Start of Available data

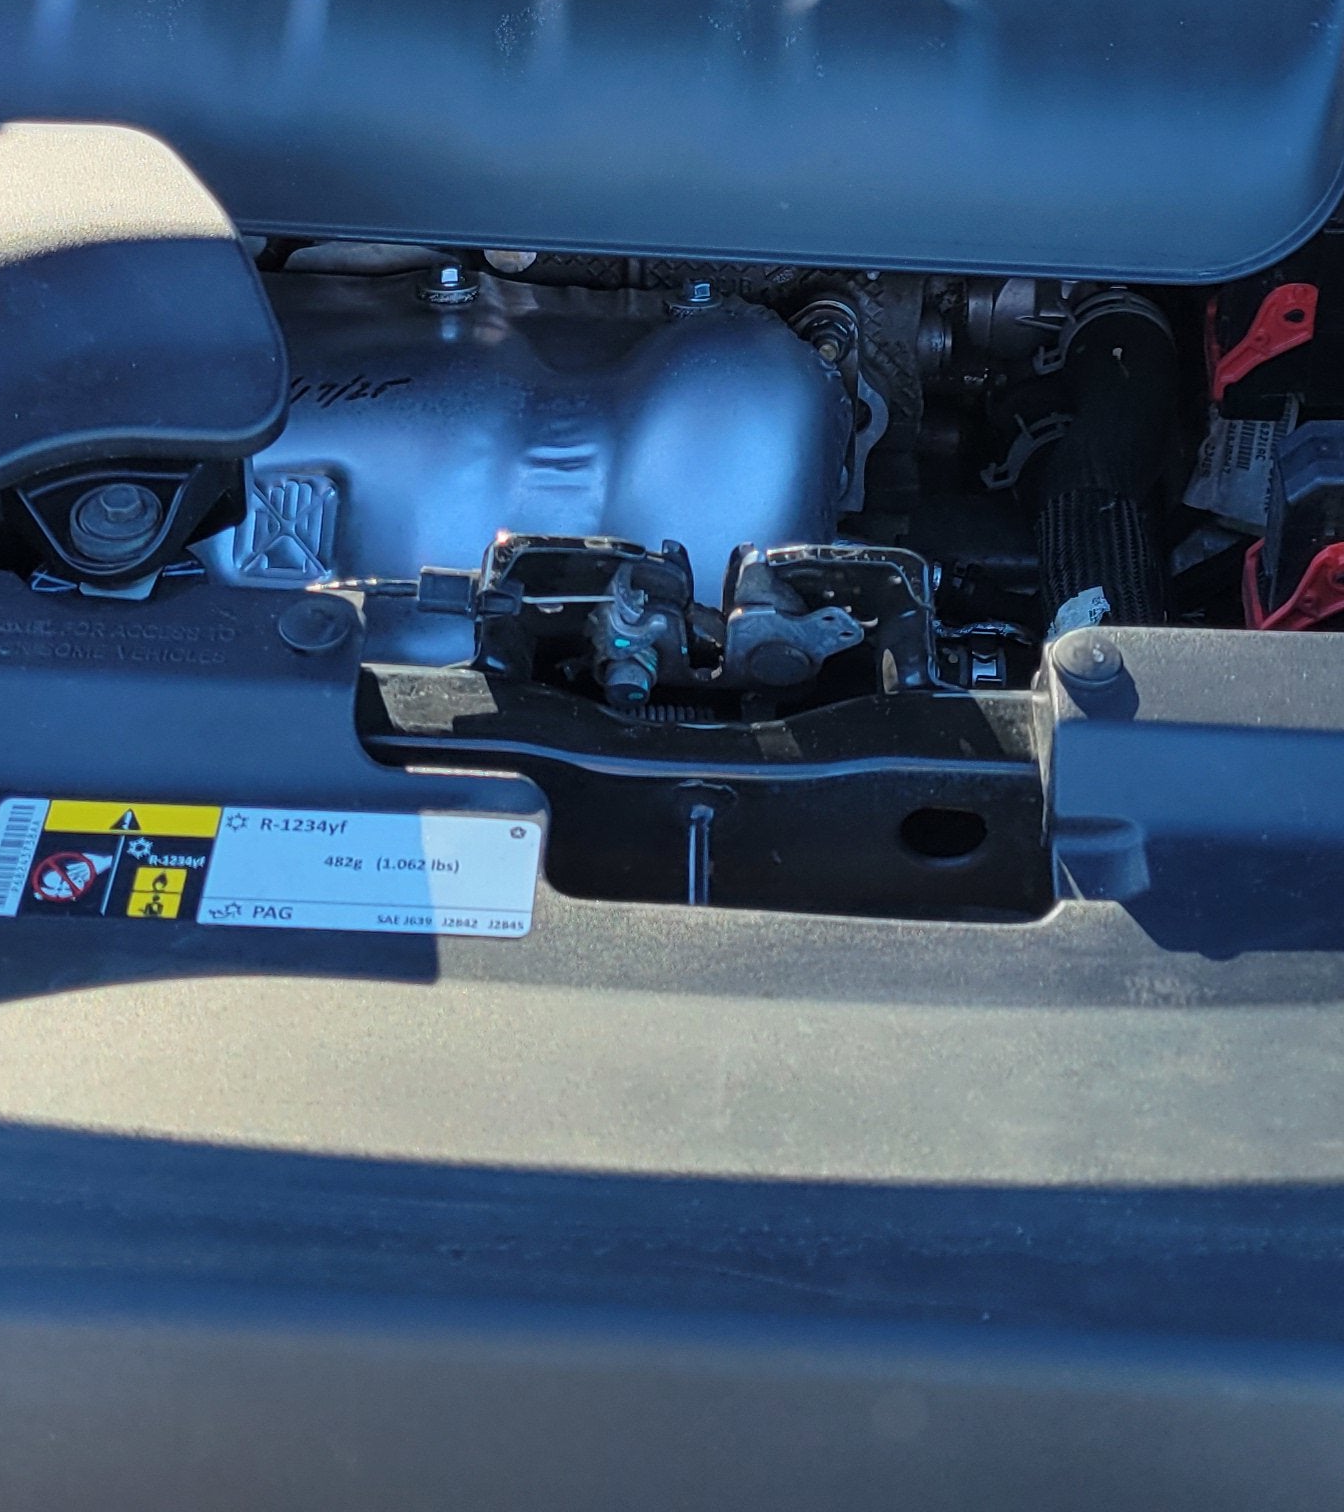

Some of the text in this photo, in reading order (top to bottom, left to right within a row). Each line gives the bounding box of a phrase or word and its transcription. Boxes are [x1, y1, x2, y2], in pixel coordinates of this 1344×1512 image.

[111, 622, 201, 642] ACCESS
[209, 624, 236, 643] TO
[36, 642, 105, 660] SOME
[115, 644, 226, 666] VEHICLES
[259, 816, 348, 837] R-1234yf
[323, 855, 460, 874] 482g (1.062 lbs)
[252, 905, 293, 920] PAG
[376, 914, 401, 925] SAE
[403, 914, 433, 927] J639

End of Available data

## [What you should do]
Exclude the pictures and reproduce every entry exactly.

## [Your solution]
Some of the text in this photo, in reading order (top to bottom, left to right within a row). Each line gives the bounding box of a phrase or word and its transcription. Boxes are [x1, y1, x2, y2], in pixel coordinates of this 1344×1512 image.

[111, 622, 201, 642] ACCESS
[209, 624, 236, 643] TO
[36, 642, 105, 660] SOME
[115, 644, 226, 666] VEHICLES
[259, 816, 348, 837] R-1234yf
[323, 855, 460, 874] 482g (1.062 lbs)
[252, 905, 293, 920] PAG
[376, 914, 401, 925] SAE
[403, 914, 433, 927] J639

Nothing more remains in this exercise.